Y es que por no querer contrariar
a Abú Meruán, el padre de Melek, puso a su hija como premio para aquel de los
pretendientes que lograra cumplir el cometido que les encomendaba. Solo el
vencedor lograría la mano de su hija, la hermosa Zaida. Tres años fue el plazo
dado y duro el trabajo encargado. A Melek el de reconstruir el acueducto que
los romanos, siglos antes, habían trazado desde Albarracín a más de cinco leguas,
llevando a Cella las aguas del Guadalaviar; a don Hernando, más difícil si
cabe, el de encontrar agua y hacerla aflorar en la misma población o sus
alrededores.
Quiso la fortuna que fuera el
conde de Abuán quien diera con un pozo antes de cumplirse el plazo. La alegría
de Zaida fue incontenible, y gozosa, se acercó al manantial donde, con sus
propias manos, recogió cuanta agua cabía en sus palmas y la ofreció al esforzado
conde, momento en el que acertó a pasar por allí Melek que, viéndose derrotado
y celoso por las atenciones que la dama prodigaba a su rival, ciego por la ira,
se abalanzó sobre don Hernando, que en defensa propia, dio muerte al príncipe
moro. Triste y rabioso, Abú Meruán, para vengar la muerte de su hijo, concedió
la libertad a un preso de la peor calaña al que pagó generosamente para que
diera muerte a don Hernando. Y así fue como muerto también el conde, Zaida murió
de pena y su espíritu sigue buscando en el fondo del pozo abierto el cuerpo de su
enamorado.
La otra, trágica como la anterior,
habla de muerte y venganza también, en tiempos de Alfonso I el Batallador. De
Cella era uno de los caballeros que acompañaban al rey en su avance hacia
Teruel. Era casado con una hermosa dama que despertaba la admiración de todos,
pero impuros deseos en un viejo y acaudalado vecino que, aprovechando la
ausencia del esposo, cierto día que la encontró a su paso, dedicó deshonestas
palabras a la mujer. El viejo, al verse despreciado en sus atenciones la empujó
y cayendo sobre unas rocas resultó muerta. En ese instante el esposo en un
estado próximo al de la clarividencia, retornó a Cella con ánimo vengativo,
encontrando a su esposa fallecida y al viejo culpable de su muerte aún en el
lugar. Sin vida también el lúbrico y rico anciano, se tuvo el lugar donde había
acaecido el doble crimen por lugar maldito y se decidió levantar una ermita,
mas al amanecer de cada día se encontraba deshecho lo construido durante el
día anterior. Si era el espíritu maligno del viejo rico, quien cada noche
desmontaba lo erigido durante día nadie lo sabía. Así día tras día, hasta que
un peregrino de paso por Cella, escuchando la historia, advirtió que sólo con
agua bendita lo construido por la mañana permanecería tras caer la noche. Se
bendijo el lugar y, en la madrugada de aquel día, se desató una tormenta
terrible y un rayo cayó donde se bendijeron las piedras. Y allí mismo, donde dicen hoy está
la fuente de Cella, comenzó a brotar agua.

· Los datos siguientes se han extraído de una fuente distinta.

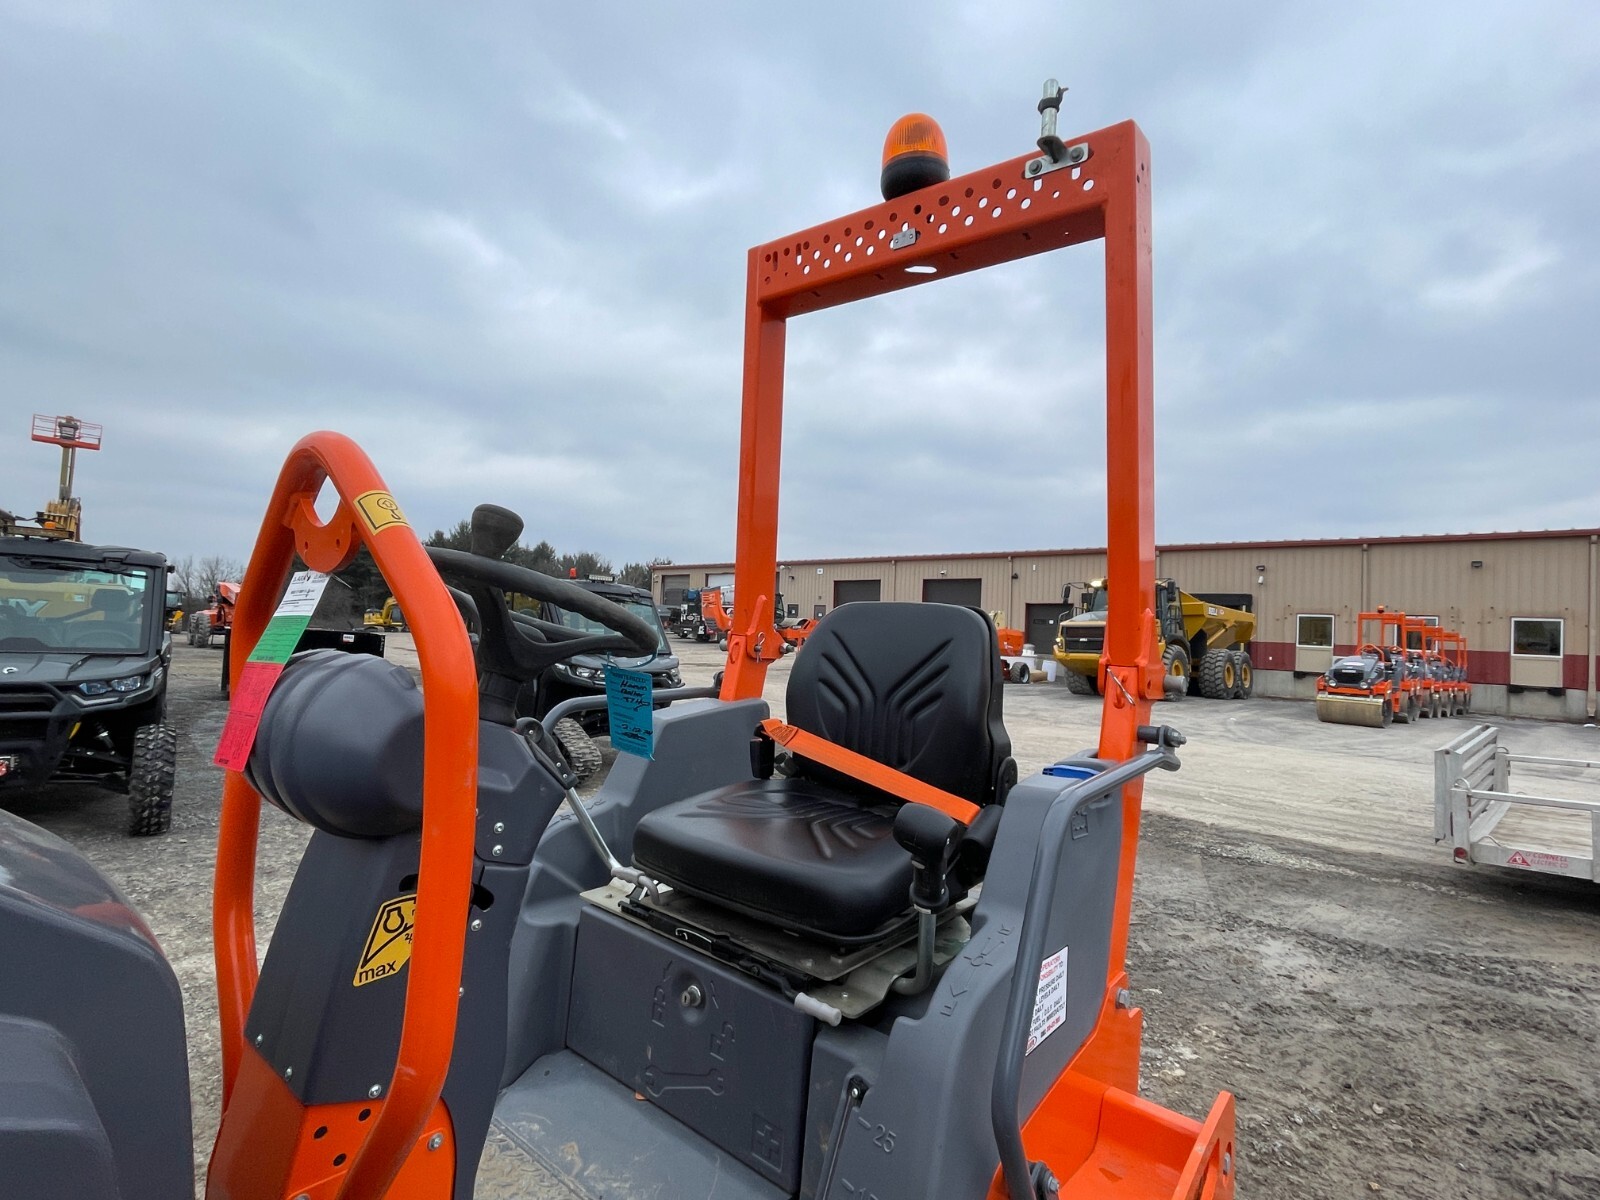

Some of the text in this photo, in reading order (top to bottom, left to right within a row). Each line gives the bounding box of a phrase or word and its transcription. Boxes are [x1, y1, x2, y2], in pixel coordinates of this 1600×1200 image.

Pero en realidad el origen de esta
fuente, el mayor pozo artesiano de Europa, es muy otra y nada tiene que ver
con leyendas y sí con los fenómenos naturales que supieron aprovechar los
templarios, que excavaron el pozo, cuando Alfonso II, el Casto, entregó la
futura villa ─fue Jaime I quien concedió dicho
título─ a dicha orden de caballeros. El caudal que es abundantísimo y
proviene del gran acuífero que desde Cella alcanza el subsuelo de Molina de
Aragón, se distribuye gracias a acequias que desde los dos cárcavos de la
fuente riegan los campos de la comarca. Pero lo que más llama la atención del
viajero es el pretil elíptico que, con sus ciento treinta metros de perímetro,
cierra el manantial y le evita el peligro de caer al pozo que alcanza una
profundidad de doce metros, y el templete que de manera tan armoniosa sirve para
forma uno de los túneles de desagüe. Sobre la puerta de entrada una placa
fechada en 1929 recuerda el bicentenario de la construcción del pretil y de
esta capilla puesta bajo la advocación de San Clemente de Alejandría, al que se
invoca para la obtención de aguas limpias y puras, como así le parece al viajero, viendo el cielo reflejado en ellas.